Running online evaluations

Online evaluations provide real-time feedback on your production traces. This is useful to continuously monitor the performance of your application—to identify issues, measure improvements, and ensure consistent quality over time. There are two types of online evaluations supported in LangSmith:

LLM-as-a-judge: Use an LLM to evaluate traces as a scalable substitute for human-like judgment (e.g., toxicity, hallucinations, correctness). Supports two different levels of granularity:
- Run level: Evaluate a single run.
- Thread level: Evaluate all traces in a thread.
Custom Code: Write an evaluator in Python directly in LangSmith. Often used for validating structure or statistical properties of your data.

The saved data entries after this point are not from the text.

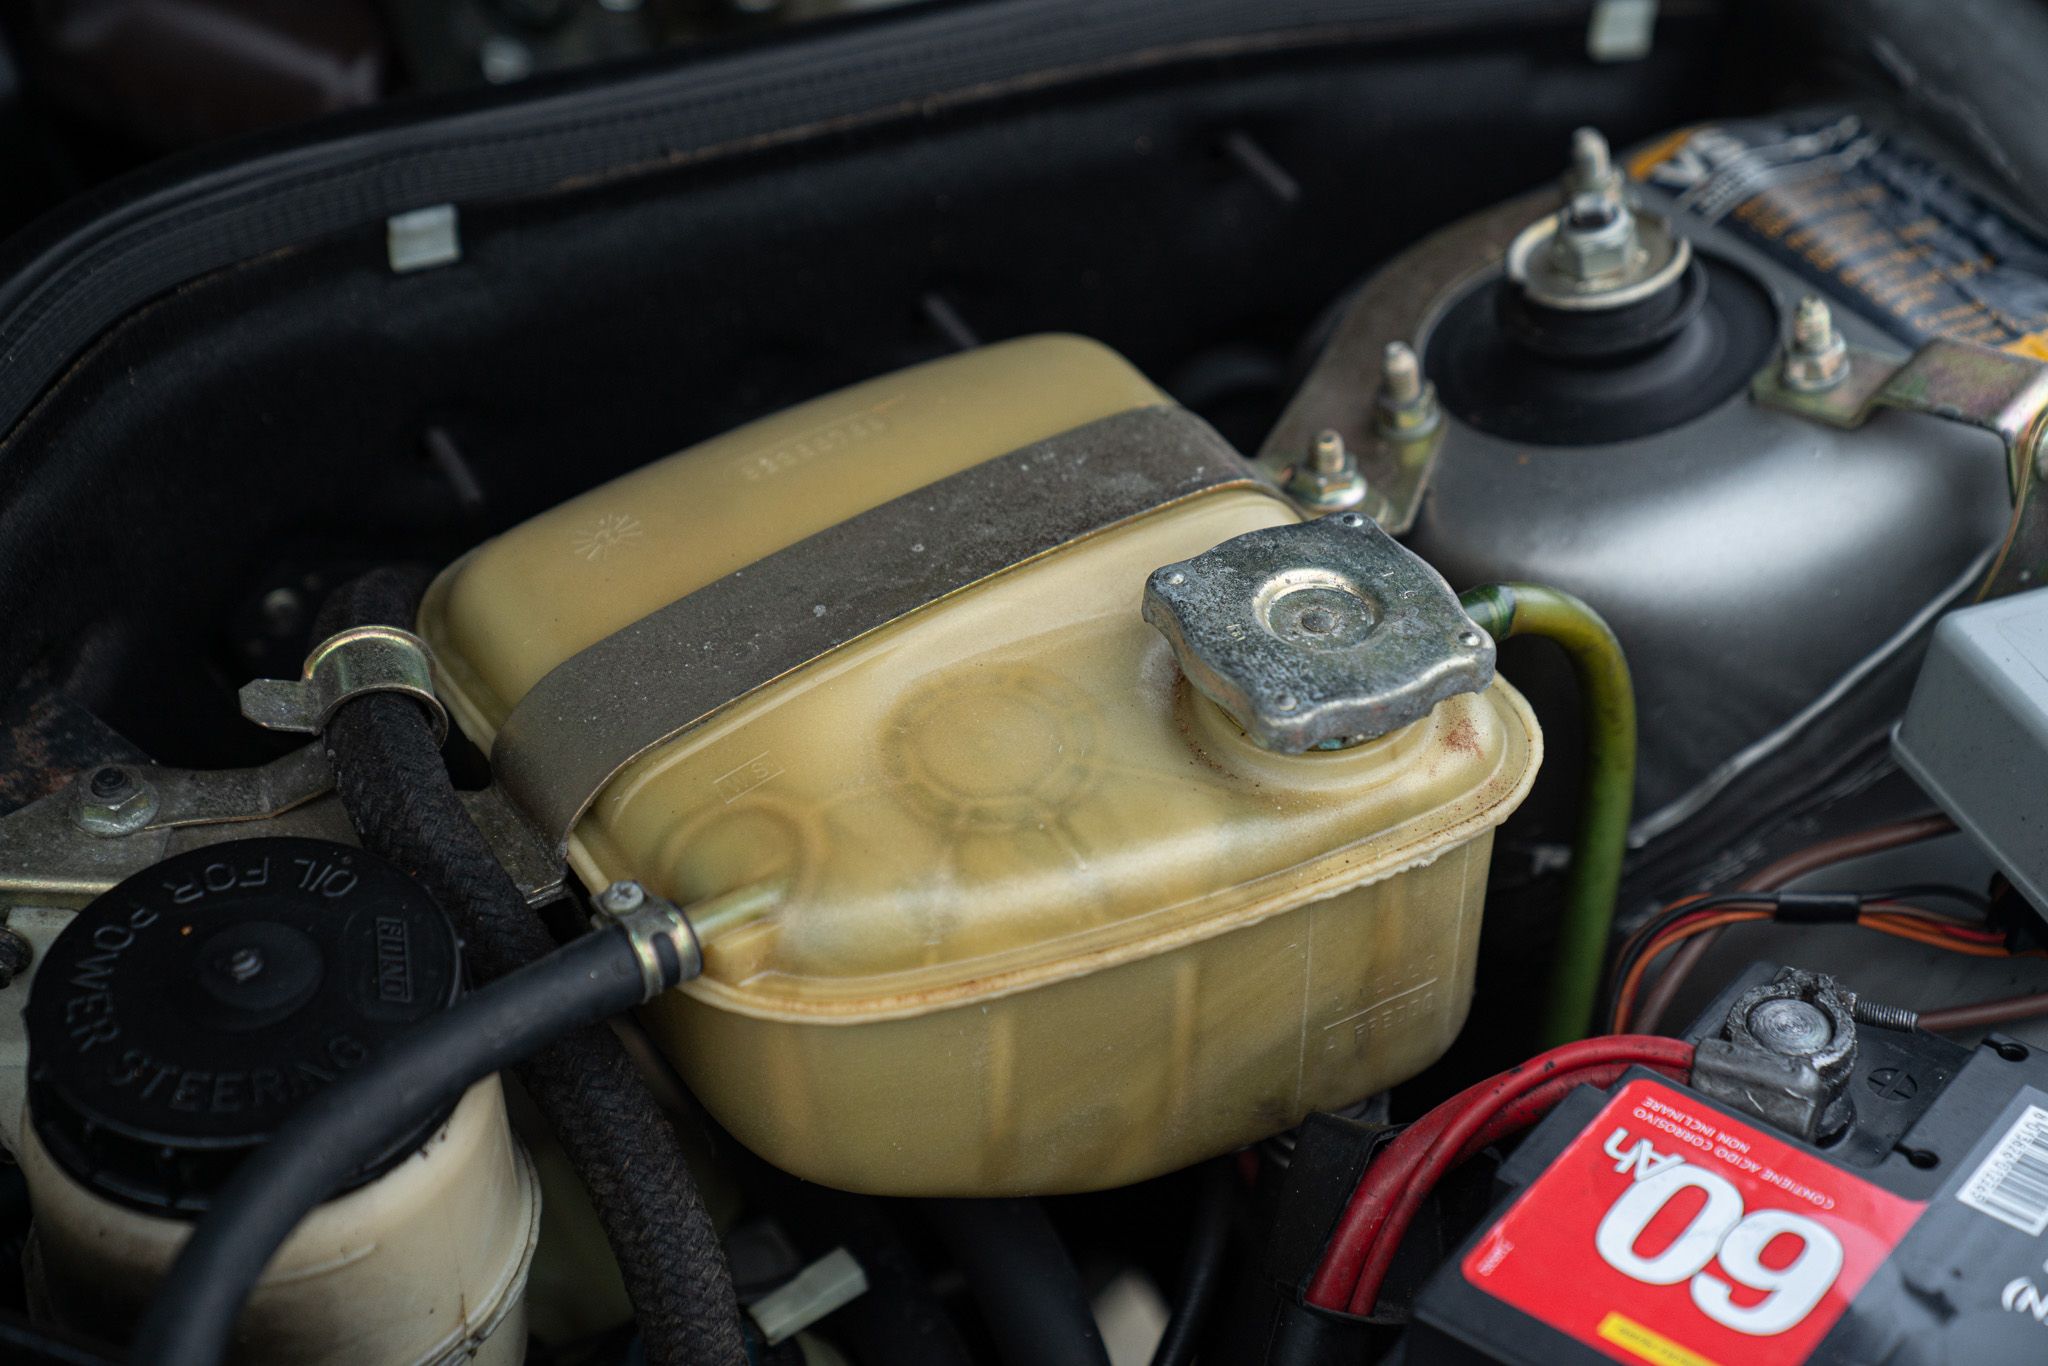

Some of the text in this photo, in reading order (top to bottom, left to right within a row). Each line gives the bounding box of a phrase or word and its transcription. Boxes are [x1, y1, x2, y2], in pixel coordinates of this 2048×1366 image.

[162, 857, 269, 904] FOR
[293, 858, 358, 897] OIL
[66, 906, 159, 1052] POWER
[1641, 1096, 1751, 1155] NON INCLINARE
[1633, 1107, 1836, 1210] CONTIENE ACIDO CORROSIVO

When an online evaluator runs on any run within a trace, the trace will be auto-upgraded to extended data retention. This upgrade will impact trace pricing, but ensures that traces meeting your evaluation criteria (typically those most valuable for analysis) are preserved for investigation.

View online evaluators

Head to the Tracing Projects tab and select a tracing project. To view existing online evaluators for that project, click on the Evaluators tab.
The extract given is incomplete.